*** Excerpted records ***

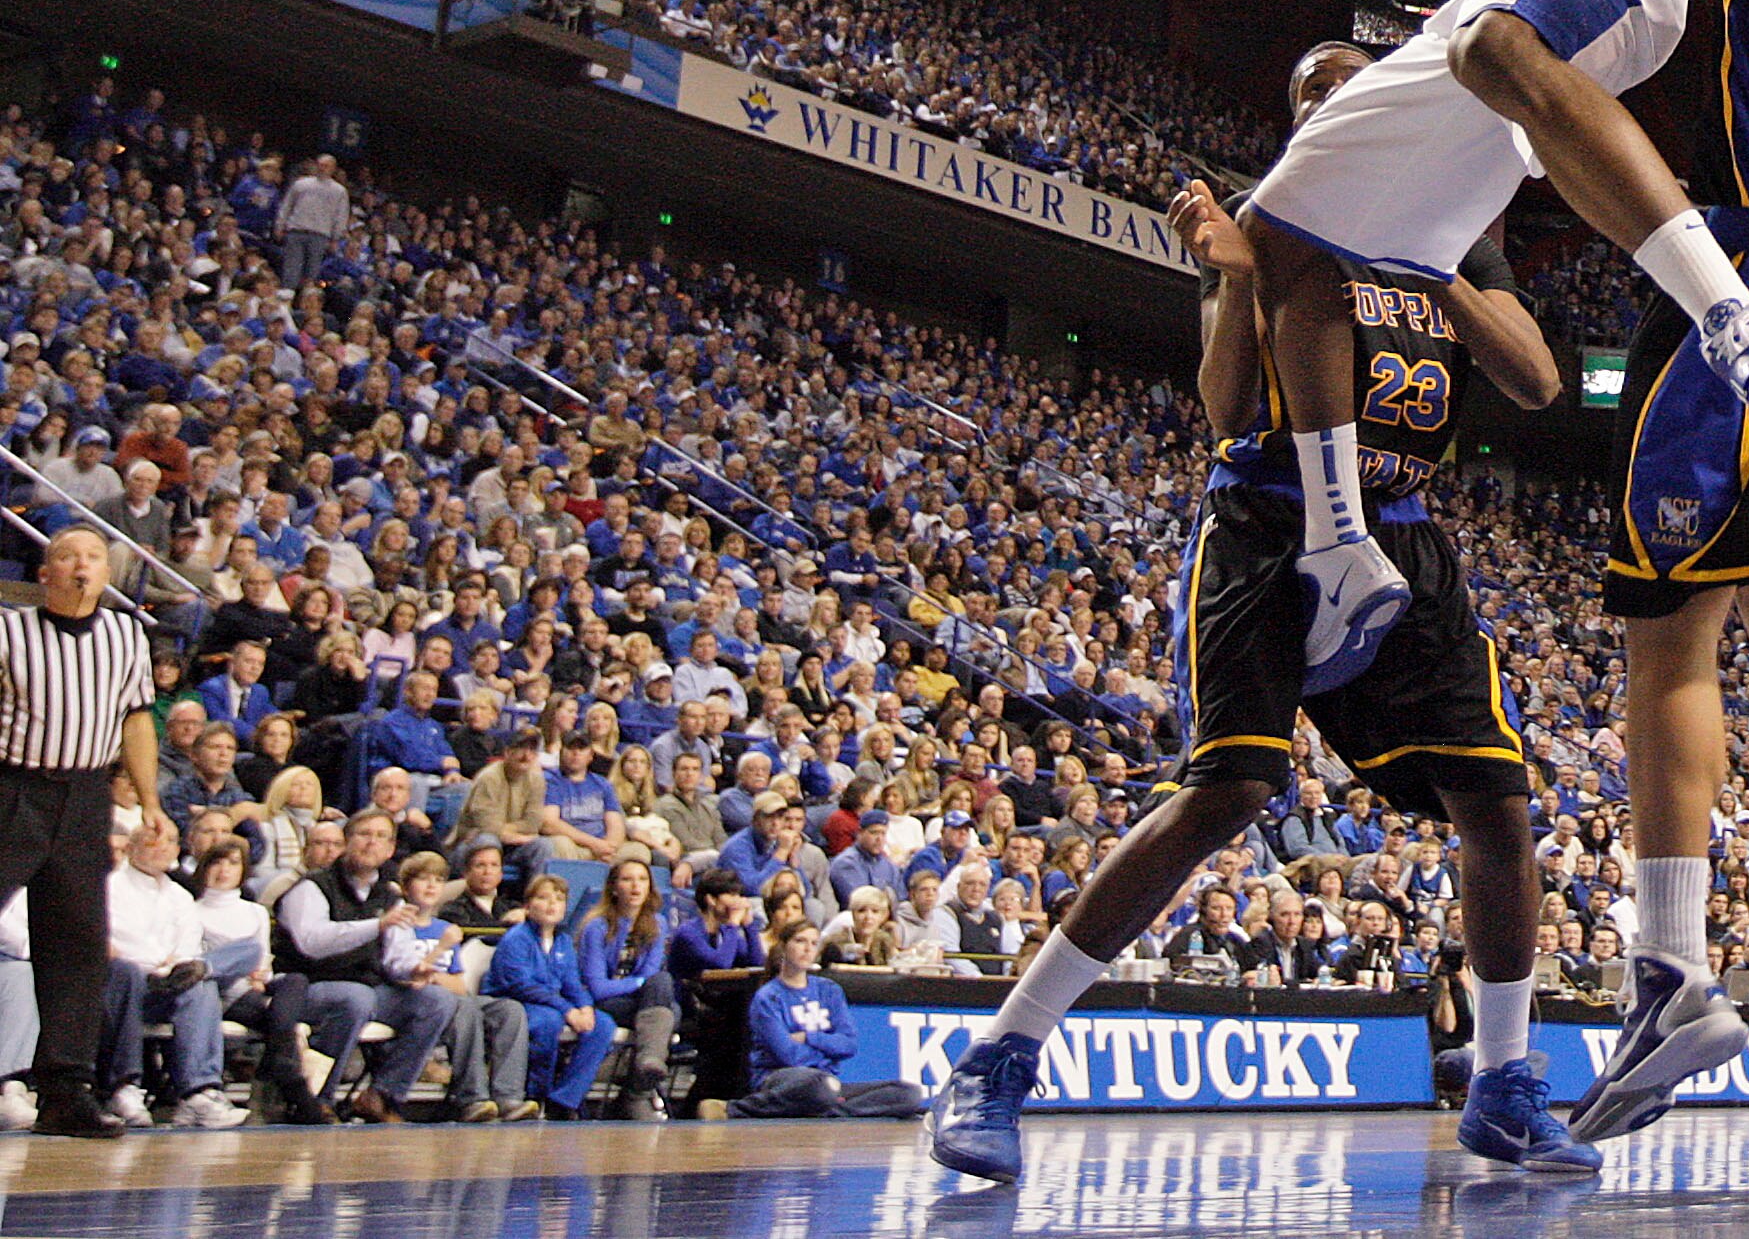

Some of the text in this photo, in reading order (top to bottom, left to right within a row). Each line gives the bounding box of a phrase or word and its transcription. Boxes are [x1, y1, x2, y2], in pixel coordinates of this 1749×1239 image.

[798, 101, 1067, 226] WHITAKER
[1361, 350, 1451, 432] 23
[889, 1011, 1360, 1101] KNTUCKY
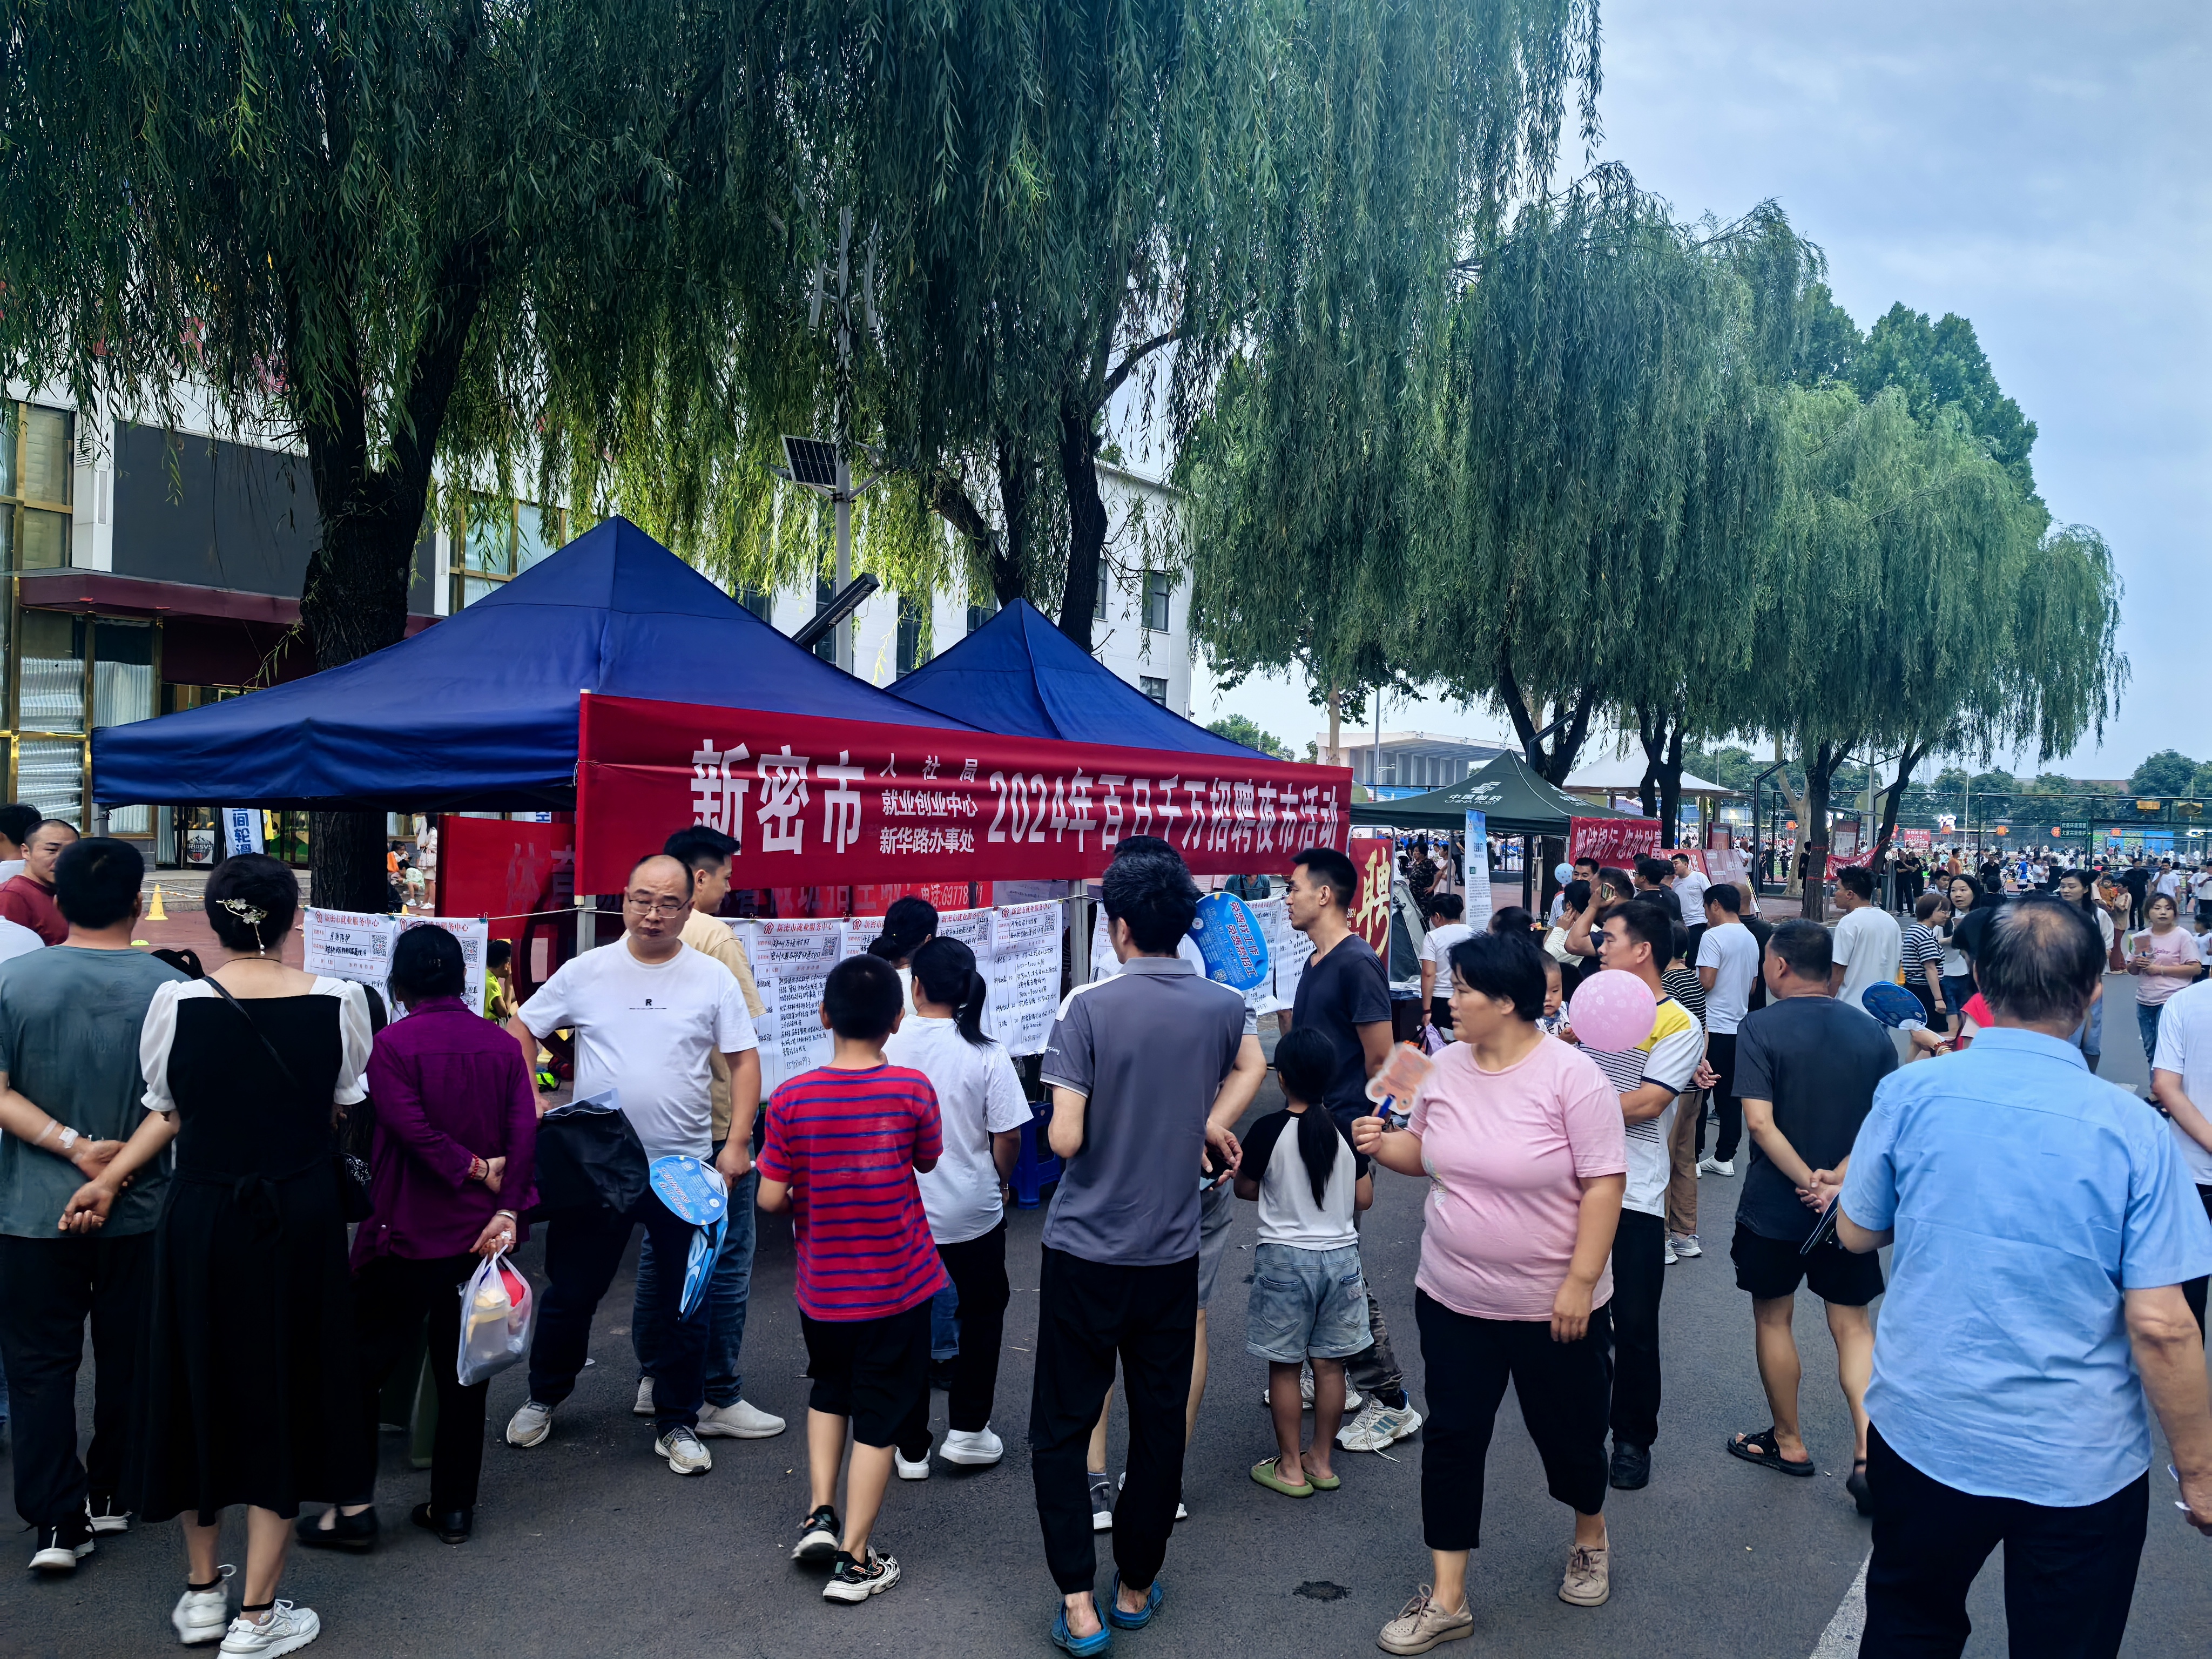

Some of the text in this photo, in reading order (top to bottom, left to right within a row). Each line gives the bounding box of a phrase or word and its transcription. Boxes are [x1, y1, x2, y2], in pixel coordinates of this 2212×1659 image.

[880, 752, 977, 783] 人社局
[691, 738, 866, 855] 新密市
[881, 788, 979, 819] 就业创业中心
[988, 766, 1339, 854] 2024年百日千万招聘夜市活动
[879, 827, 975, 855] 新华路办事处
[921, 884, 983, 909] 电话:6977811
[777, 922, 833, 933] 新密市就业服务中心
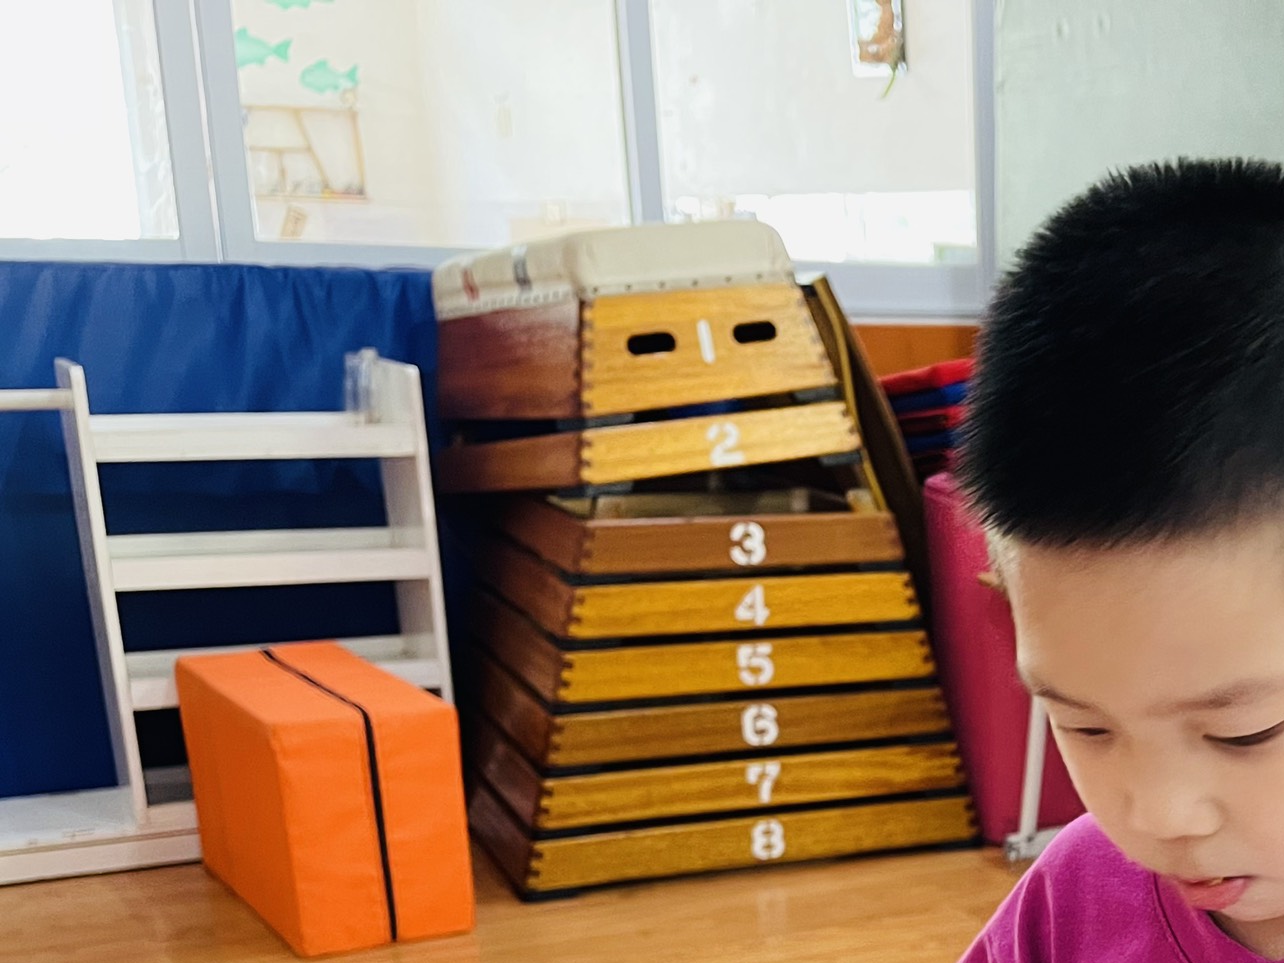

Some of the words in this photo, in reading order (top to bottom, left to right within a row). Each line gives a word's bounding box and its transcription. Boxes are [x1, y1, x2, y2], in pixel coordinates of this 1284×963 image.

*** End of Excerpted records ***

§ **Exercise brief**: For the entries above, the output must hold exactly the lines from the one with "this 2212×1659 image." through the last line, both included, and no pictures.

§ **Result of this exercise**:
Some of the text in this photo, in reading order (top to bottom, left to right within a row). Each line gives the bounding box of a phrase or word and its transcription. Boxes are [x1, y1, x2, y2], in pixel coordinates of this 2212×1659 image.

[880, 752, 977, 783] 人社局
[691, 738, 866, 855] 新密市
[881, 788, 979, 819] 就业创业中心
[988, 766, 1339, 854] 2024年百日千万招聘夜市活动
[879, 827, 975, 855] 新华路办事处
[921, 884, 983, 909] 电话:6977811
[777, 922, 833, 933] 新密市就业服务中心

Some of the words in this photo, in reading order (top to bottom, left to right within a row). Each line gives a word's bounding box and its transcription. Boxes are [x1, y1, x2, y2], in pixel coordinates of this 1284×963 image.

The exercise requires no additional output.